Глава 1
Некоторым не нравится Хайфа, не любят всё, что связано с
Средиземным морем, и акулами. Как-то так сложилось, что в этом городе собираются одни шарлатаны. Но Хайфу любят туристы, они в ней души не чают, где ещё можно так быстро потратить деньги, как не в этом восточном городке. Воспоминаний, потом, на целый год. В самой же Хайфе, особое отношение к «русским», за созданный для города имидж
. Нигде, ни в одном городе Израиля, ты не встретишь такого обилия русскоязычных евреев, как здесь.
– Я вас умоляю… Здесь вам не Дерибасовская… Вы не подскажите, как проехать на Ерусалим?

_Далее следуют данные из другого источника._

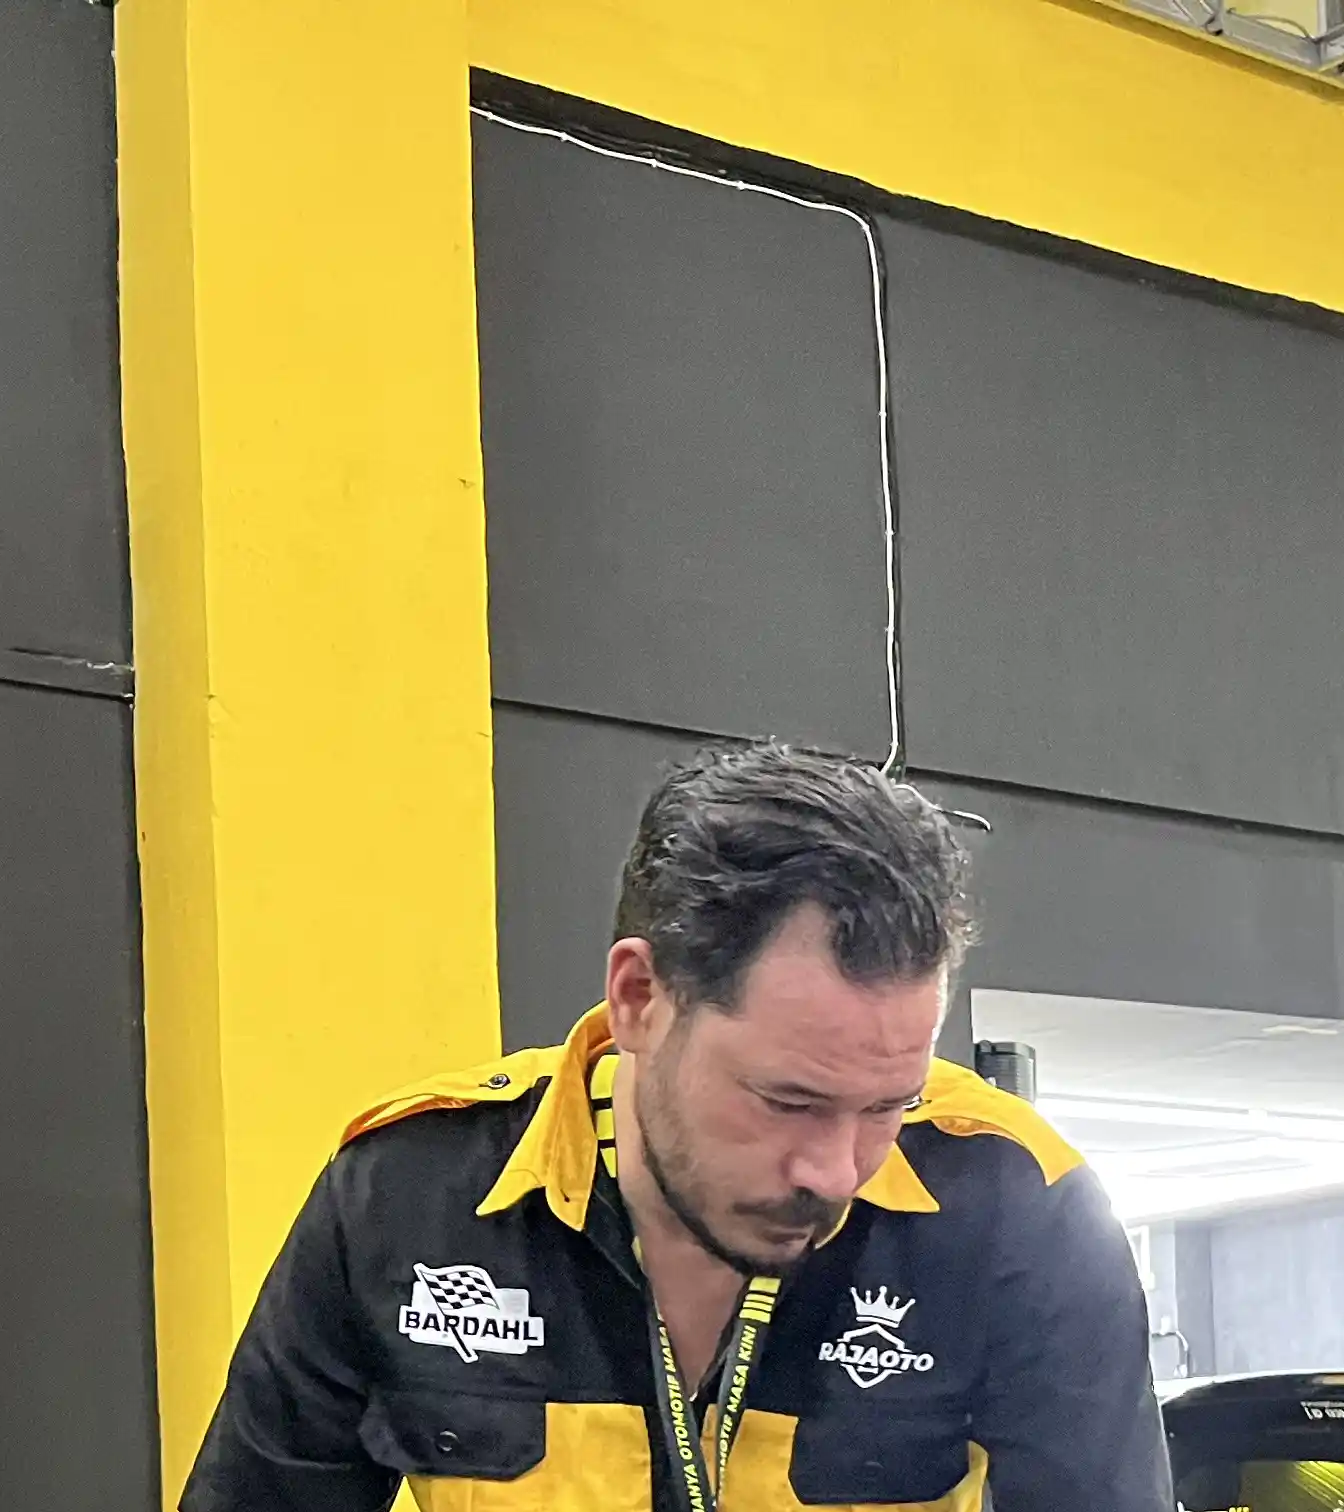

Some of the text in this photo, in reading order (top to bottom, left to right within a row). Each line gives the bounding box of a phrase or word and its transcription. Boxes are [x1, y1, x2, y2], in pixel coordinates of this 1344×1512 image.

Хайфа, вполне современный город, но приезжие игнорируют магазины, супермаркеты и бутики. Сами туристы превратили город в базар, одни прилетают чтобы купить, другие – продать. Хайфа из туристического центра, незаметно превратилась в продолжение одесского «Привоза», где широкие тротуары превращаются в торговые ряды. Вы никогда не видели еврейскую матрёшку? Вы очень много потеряли. Приезжайте в Хайфу, здесь всё завалено еврейскими матрёшками. Я убедился на собственном примере, когда, чтобы отвязаться от надоедливого торговца, купил за бесценок сборник Израильской поэзии. Меня поразило, что первый поэт был Айвазовский, второй Левитан, а третий – Попандопуло (Псевдоним, наверное). Моя подруга выхватила книжку, её удивило, что местные стихоплёты пишут на арабском. При доскональном изучении этого творчества, с привлечением знающих людей – эта поэзия оказалась графиком движения прогулочных катеров по реке Нил за прошлый год. Вам нужно это расписание? Мне тоже. Зато оформление! Любая редакция позавидует. И, всё же, Хайфа отличается от Одессы, здесь люди радуются, правда ходят без английского сыра, но не с такими грустными фейсами. На Родине все Одесситы жалуются друг другу: в трамвае, на кладбище, в театре. Им всё не нравится, всё не так. Все чем-то недовольны. Вспомнил, как мой друг встретил одноклассника, не виделись со времени окончания школы, он его не узнал. Мой друг воспринял это с такой обидой, как будто, одноклассник виноват в том, что его не расстреляли при оккупации города, и всё из-за того, что его не узнали.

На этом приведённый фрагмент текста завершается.